No. The Census Bureau only publishes surnames that appeared at least 100 times in a given decennial Census. That means very rare surnames are excluded entirely, and a surname can appear in one Census release but disappear from a later one if it falls below the reporting threshold.
There are two main reasons: rounding and suppression. The Census Bureau rounds published values, and it may suppress very small cells to protect privacy. For 2020, the Bureau also published raw group counts rather than direct percentages, so Name Census converts those counts back into shares for comparability across census years.

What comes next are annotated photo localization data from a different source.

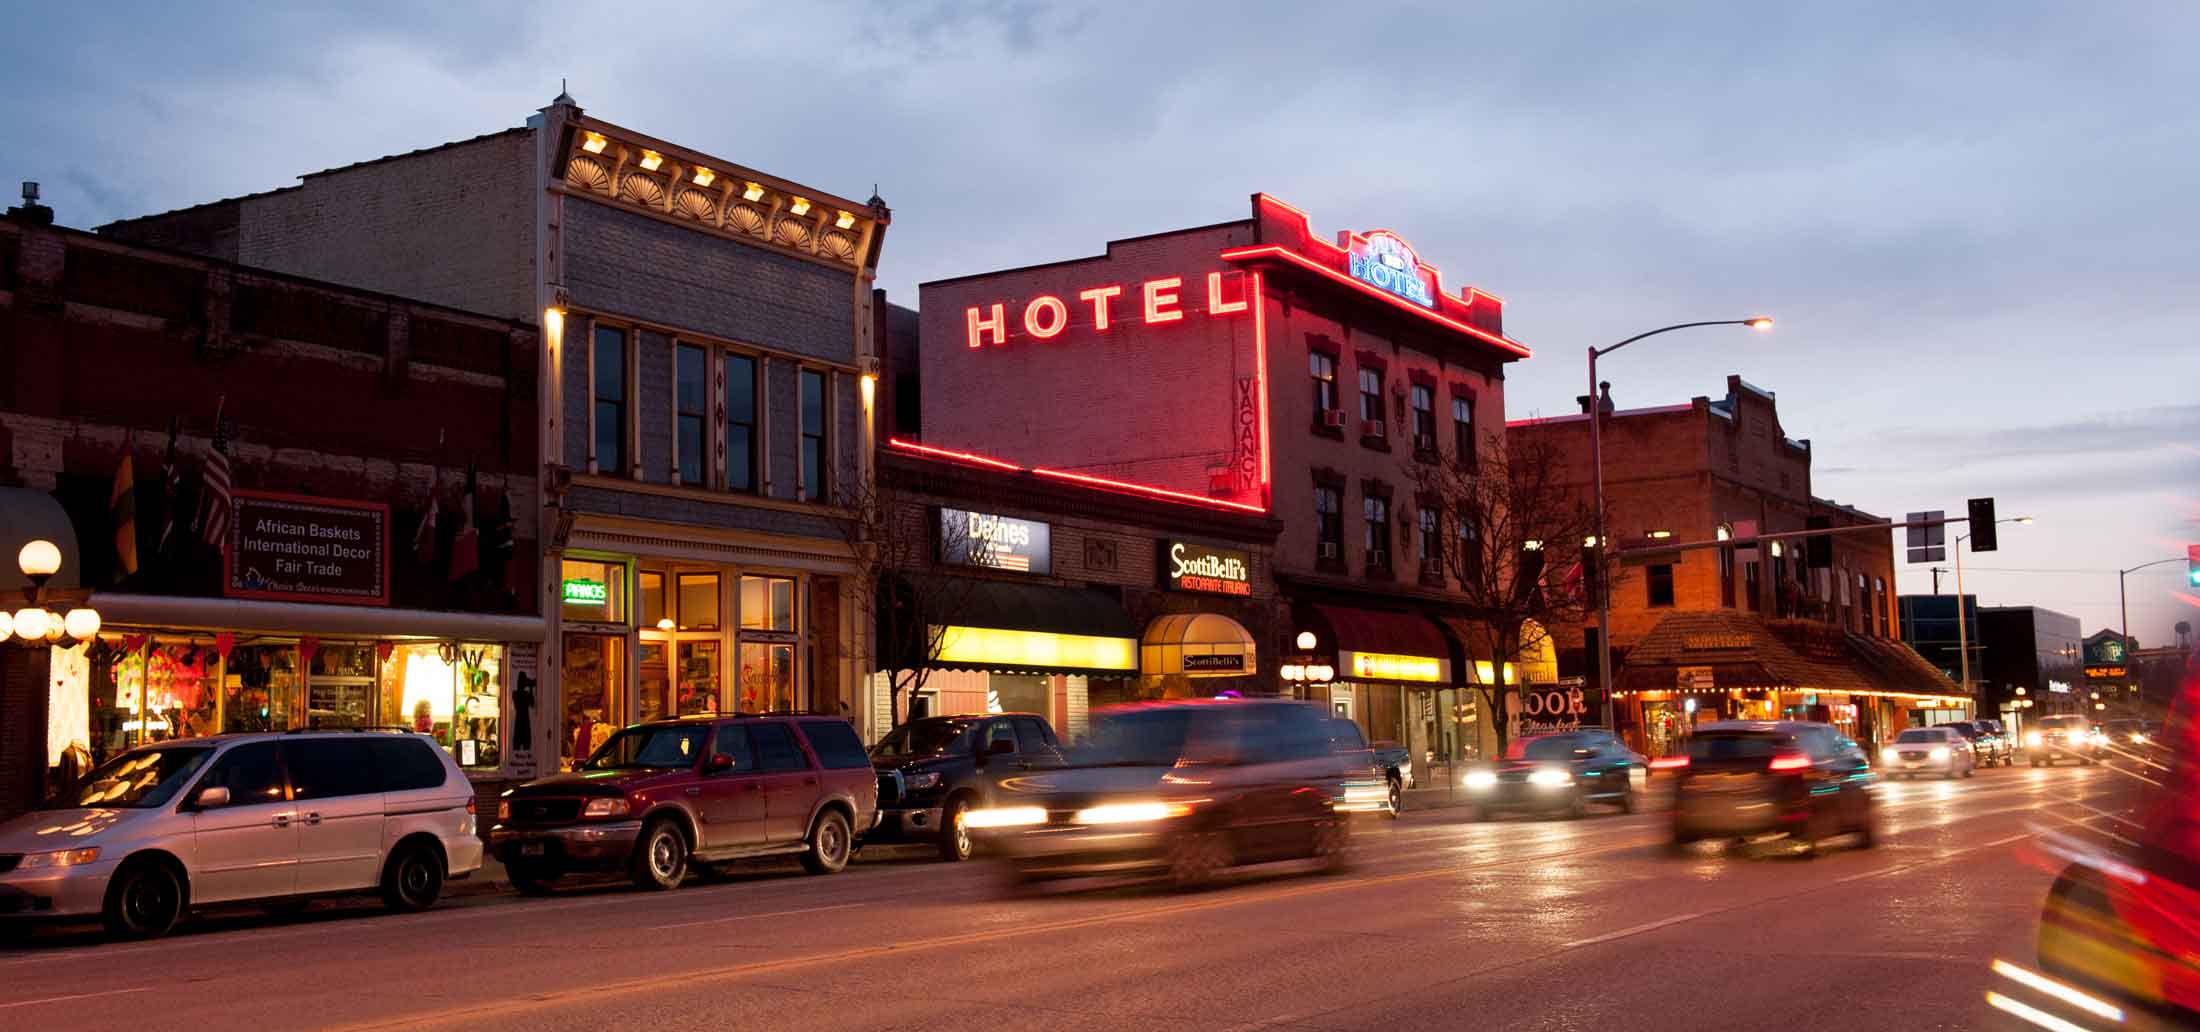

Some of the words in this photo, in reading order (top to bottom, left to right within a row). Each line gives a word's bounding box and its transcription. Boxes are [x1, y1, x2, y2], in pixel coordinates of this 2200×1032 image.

[1350, 251, 1433, 306] HOTEL
[966, 270, 1249, 349] HOTEL
[1238, 377, 1255, 489] VACANCY
[255, 519, 306, 537] African
[309, 523, 361, 541] Baskets
[968, 511, 1030, 545] Daines
[243, 536, 329, 557] International
[333, 545, 372, 560] Decor
[1171, 543, 1246, 581] ScottiBelli's
[275, 558, 303, 574] Fair
[306, 561, 342, 577] Trade
[565, 582, 606, 598] PIANOS
[1181, 576, 1222, 592] RISTORANTE
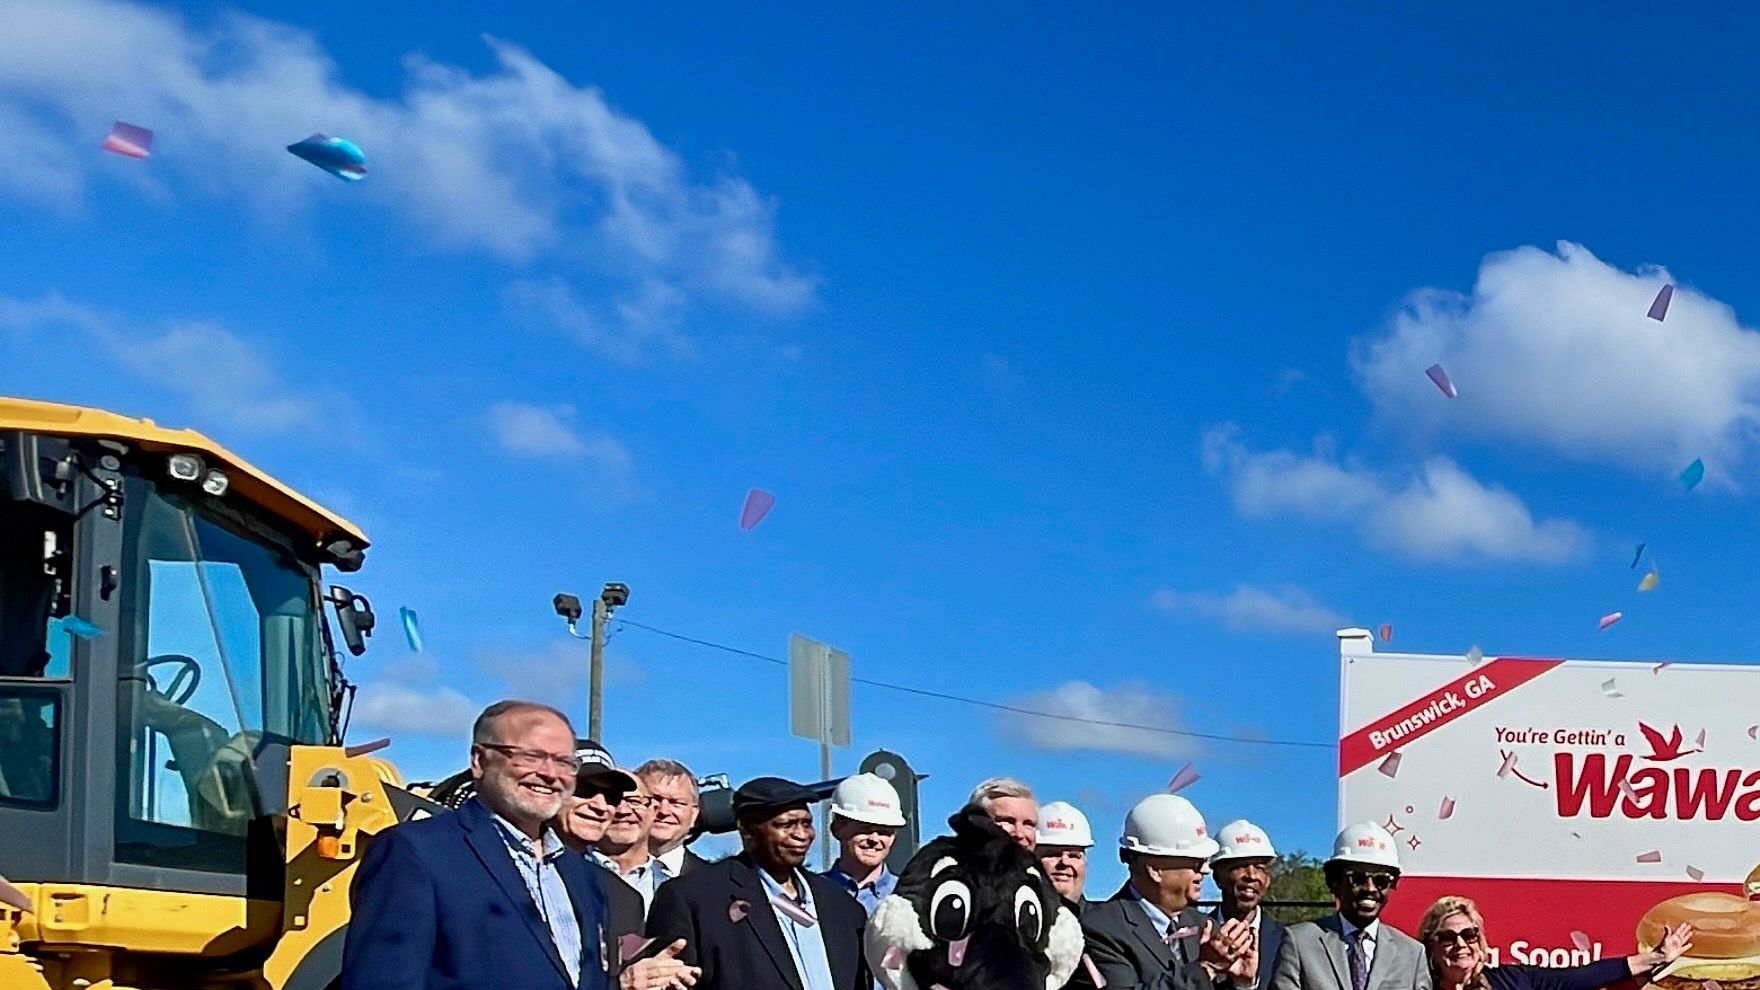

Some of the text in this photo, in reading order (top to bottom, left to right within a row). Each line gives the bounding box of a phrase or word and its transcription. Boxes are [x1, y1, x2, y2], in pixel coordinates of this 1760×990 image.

A surname referring to someone living near a place with abundant fish or streams. The fuller origin note on this page goes into more detail.
All surname statistics on Name Census are drawn from the US Census Bureau's decennial surname frequency tables. These files list every surname that appeared 100 or more times in the 2020 Census, along with a count, a per-100,000 rate, and a self-reported demographic breakdown. You can read the full explanation on our methodology page.
For surnames, Name Census does not age cohorts the way it does for first names. Instead, it takes the Census Bureau's published frequency for Fishburne (0.19 per 100,000) and applies that rate to the current U.S. resident population to estimate how many living Americans have the surname today.
HowManyOfMe.org, our sister site, answers that with the living-bearer count in one glance.